WHAT THE EXERCISE ASKS: Could you give back every entry below exactly, with the pictures dropped?

◆ ◆ ◆ ◆ ◆ ◆ ◆

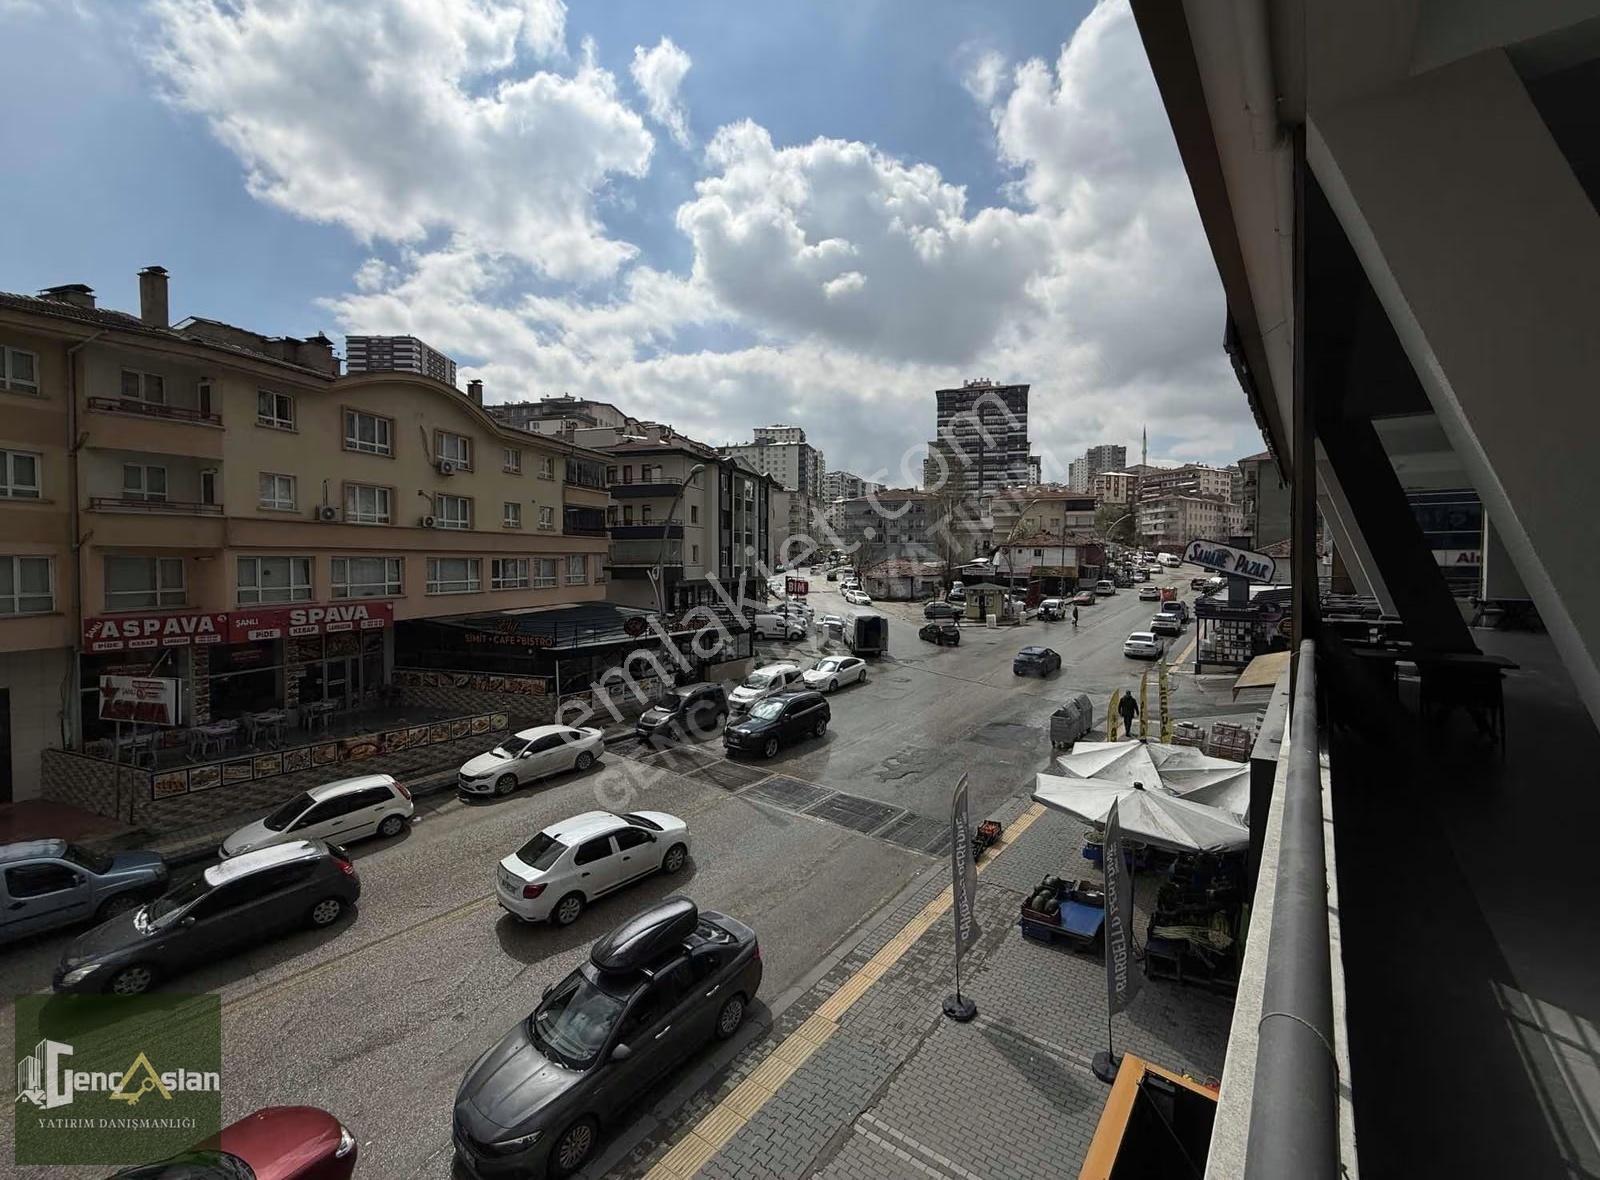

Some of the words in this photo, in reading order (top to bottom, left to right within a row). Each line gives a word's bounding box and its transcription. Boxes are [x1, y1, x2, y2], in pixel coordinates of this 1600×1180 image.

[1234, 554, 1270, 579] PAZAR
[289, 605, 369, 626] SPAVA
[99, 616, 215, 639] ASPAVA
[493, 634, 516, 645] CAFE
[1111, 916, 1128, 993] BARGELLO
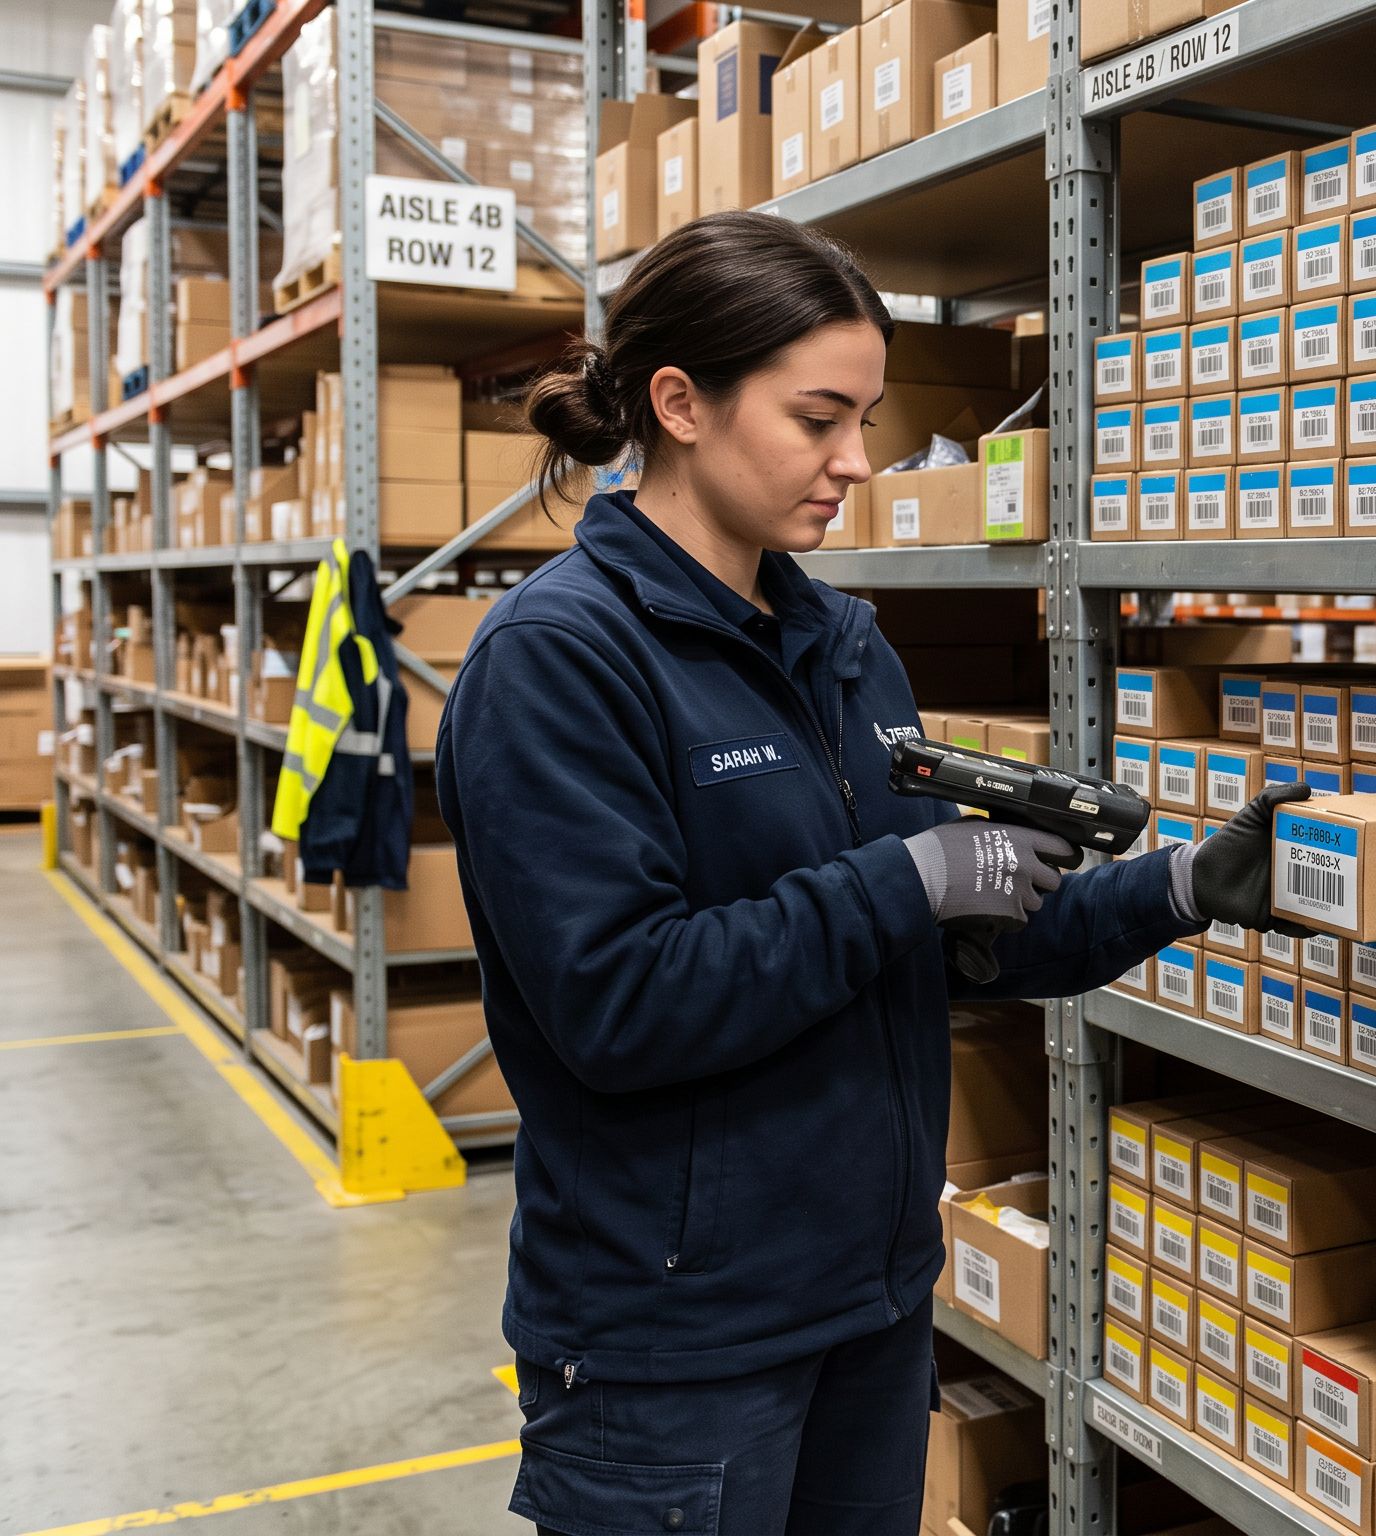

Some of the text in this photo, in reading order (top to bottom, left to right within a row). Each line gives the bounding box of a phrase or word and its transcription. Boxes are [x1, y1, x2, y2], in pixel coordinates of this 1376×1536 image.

◆ ◆ ◆ ◆ ◆ ◆ ◆

FINISHED TASK:
Some of the words in this photo, in reading order (top to bottom, left to right within a row). Each line gives a word's bounding box and its transcription. Boxes are [x1, y1, x2, y2], in pixel coordinates of this 1600×1180 image.

[1234, 554, 1270, 579] PAZAR
[289, 605, 369, 626] SPAVA
[99, 616, 215, 639] ASPAVA
[493, 634, 516, 645] CAFE
[1111, 916, 1128, 993] BARGELLO

Some of the text in this photo, in reading order (top to bottom, left to right within a row). Each line gives the bounding box of a phrase or word and its transcription. Boxes are [x1, y1, x2, y2], in pixel coordinates of this 1376×1536 image.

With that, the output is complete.